It was kind of cool, stumbling across this piece about Same Old Lang Syne. I wonder how many people have stories about how they discovered that particular song?
For me, I found it via an ex, around ‘92. It was winter, and our years-long relationship was almost over; it would have died naturally by the New Year, but as luck would have it, diamond jewelry has a way of dragging things out, and we survived until February.
But we still seemed a tenable couple in mid-November, when she asked me if I could remember that Christmas song about the old lover in the grocery store. She couldn’t remember the title (other than that there was “something weird about it”) or the name of the artist, but she knew it felt like the perfect song for the bleak holidays. (That, I realized later, was foreshadowing.) We wracked our brains, but couldn’t remember anything.
A few weeks later, I was unloading a shipment at work when I heard the truck driver warbling along to himself: “Met my old lover in the grocery store, the snow was fallin’ Christmas Eve…” I immediately dropped the box and asked him what the hell he was singing.
“Fogelberg, I think,” he said. “Same Old Lang Syne.”
I headed to Tower Records that night and dug around for a Greatest Hits CD. I knew the big songs in Fogelberg’s catalog (Longer, Leader Of The Band, Run For The Roses), but I had no clue about this weird Christmas song that everyone but me seemed to half-remember. As I listened to it at home, I found myself wondering how you could forget it once you’d heard it.
I mean, yeah, it’s wussy, soft piano-rock from the Land of Long, Long Ago, and Fogelberg made a career out of beating people to death with lush, sweeping sentiment… but that song?
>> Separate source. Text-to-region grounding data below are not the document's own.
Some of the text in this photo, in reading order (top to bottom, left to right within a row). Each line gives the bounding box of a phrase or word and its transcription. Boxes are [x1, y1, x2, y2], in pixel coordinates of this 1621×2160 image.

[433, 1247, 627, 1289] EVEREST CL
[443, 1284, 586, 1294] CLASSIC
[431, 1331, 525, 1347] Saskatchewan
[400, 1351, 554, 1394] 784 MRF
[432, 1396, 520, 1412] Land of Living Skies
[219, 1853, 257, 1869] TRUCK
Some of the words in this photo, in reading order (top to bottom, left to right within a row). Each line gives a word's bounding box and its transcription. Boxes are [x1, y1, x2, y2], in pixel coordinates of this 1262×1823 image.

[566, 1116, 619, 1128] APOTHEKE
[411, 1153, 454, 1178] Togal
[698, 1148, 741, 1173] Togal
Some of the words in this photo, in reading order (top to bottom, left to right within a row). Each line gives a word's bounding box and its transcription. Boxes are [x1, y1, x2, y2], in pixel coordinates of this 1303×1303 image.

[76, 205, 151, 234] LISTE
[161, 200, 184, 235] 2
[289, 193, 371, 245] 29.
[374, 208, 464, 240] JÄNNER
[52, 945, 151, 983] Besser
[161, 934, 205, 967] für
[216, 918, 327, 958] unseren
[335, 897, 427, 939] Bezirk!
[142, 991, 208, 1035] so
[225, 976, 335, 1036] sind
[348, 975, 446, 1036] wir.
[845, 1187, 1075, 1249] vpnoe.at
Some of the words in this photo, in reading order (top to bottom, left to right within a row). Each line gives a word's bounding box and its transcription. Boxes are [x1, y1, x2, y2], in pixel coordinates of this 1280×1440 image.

It’s a perfect portrait of a moment, so vivid that I can smell the frigid night air and feel the snow crunching underfoot. More importantly, it was the first song about adult emotions and behavior that resonated with me as deeply as all the songs about fucking and rebellion always had.
We drank a toast to innocence
We drank a toast to now
We tried to reach beyond the emptiness
But neither one knew how
That’s my idea of Christmas. Happy holidays, fuckers.